Protection gaps differ widely in terms of size, nature and dynamics, depending on geographies, perils (e.g. cyber, business interruption, natural catastrophe, health), and the general maturity of countries’ insurance markets.

But with the emergence of new risks - climate change, ESG2, transition to low carbon economies, growth concentration (including of both tangible and intangible assets), rapid urbanization, and consolidation of the global supply chain to name a few - systemic or highly correlated risks now have the potential to cause disruptions in ways never seen before. When stacking up these perils and exposures, the protection gap can be measured in trillions of dollars.

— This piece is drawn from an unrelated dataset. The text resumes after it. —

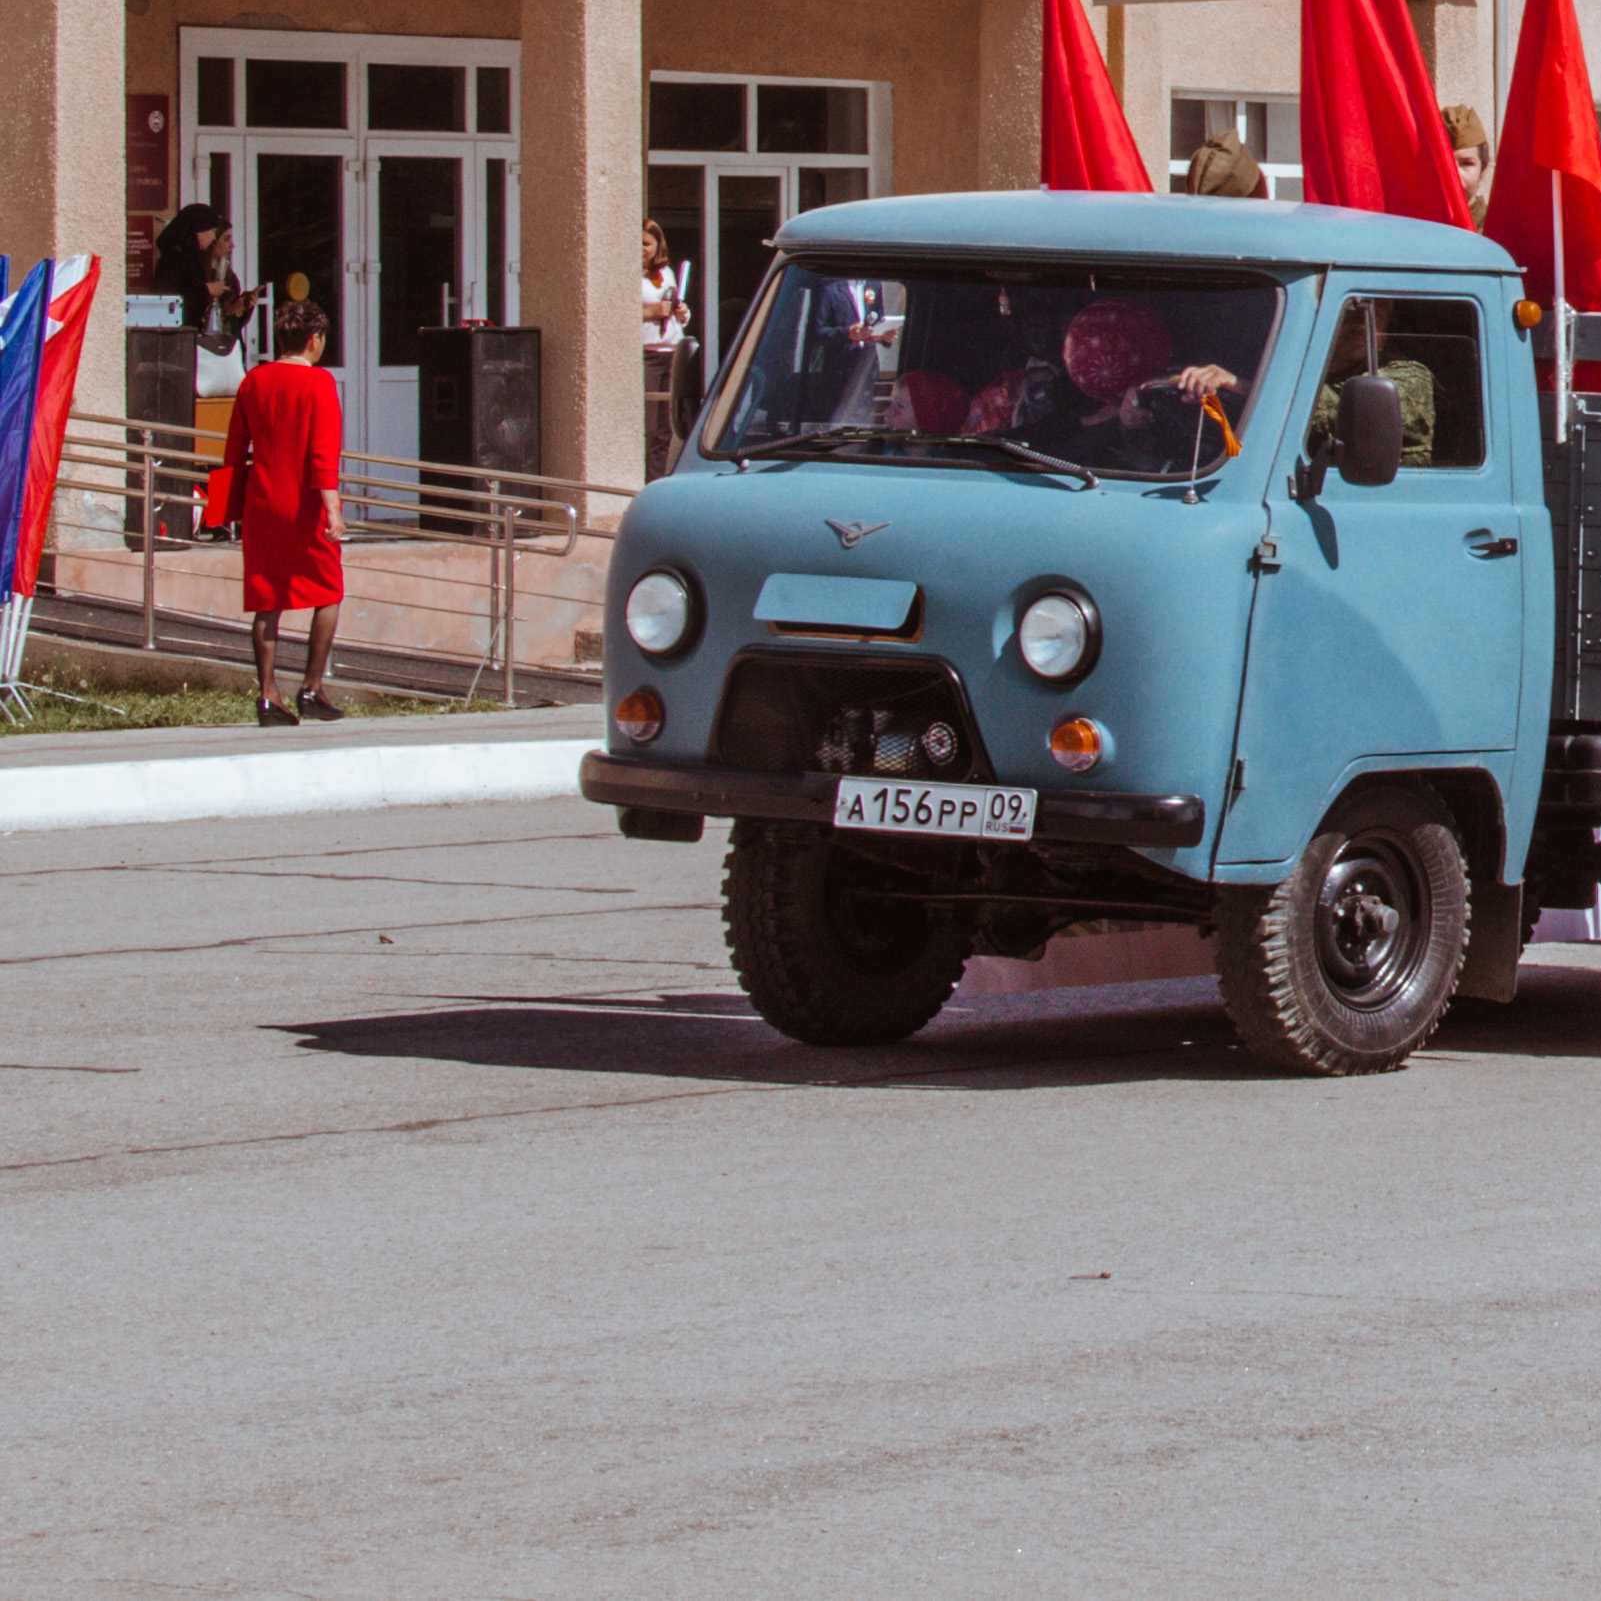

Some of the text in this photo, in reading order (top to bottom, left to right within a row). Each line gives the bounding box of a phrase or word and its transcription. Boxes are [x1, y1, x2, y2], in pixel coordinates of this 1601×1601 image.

Reasons for this are manifold, and include insufficient risk awareness, behavioral biases towards risk, reliance on ex-post assistance insurance affordability on the demand side, as well as lack of regulatory environments or mature insurance markets, data availability and implementation costs on the supply side. Such a broad range of issues requires a coordinated and comprehensive approach to helping clients navigate through uncertain times.

Bigger, Stronger, More Sustainable: Climate resilience through holistic public-private risk solutions

Global Solutions to Global Risks

Against this backdrop, matching capital with risk is not a small task, and the race to securing a (re)insurance cover alone not a silver bullet. The solution is perhaps to be found by addressing the actual demand from clients and helping them achieve effective financial resilience overall.

Insurance and reinsurance are only part of a much wider set of highly complementary instruments. Some of these include:

  • comprehensive risk financing strategies
  • broader understanding of systemic liabilities and risks (e.g. through forward-looking analytics and scenario-based stress-testing that integrate the true nature of all perils and their compounding, indirect impacts over time)
  • risk reduction incentives and investments
  • use of contingent capital
  • efficient claims or disbursement mechanisms
  • prevention
  • climate adaptation
  • green finance

Creating such an ecosystem of mutually reinforcing mechanisms not only contributes to more robust financial protection overall, it also makes risk transfer a more cost-effective instrument3. This helps unlock the full benefits of transferring residual risk to third parties where most relevant, as part of a coherent and fully integrated response to climate shocks and extreme events. And in turn, allowing businesses to grow in more sustainable ways and outperform4 their competition.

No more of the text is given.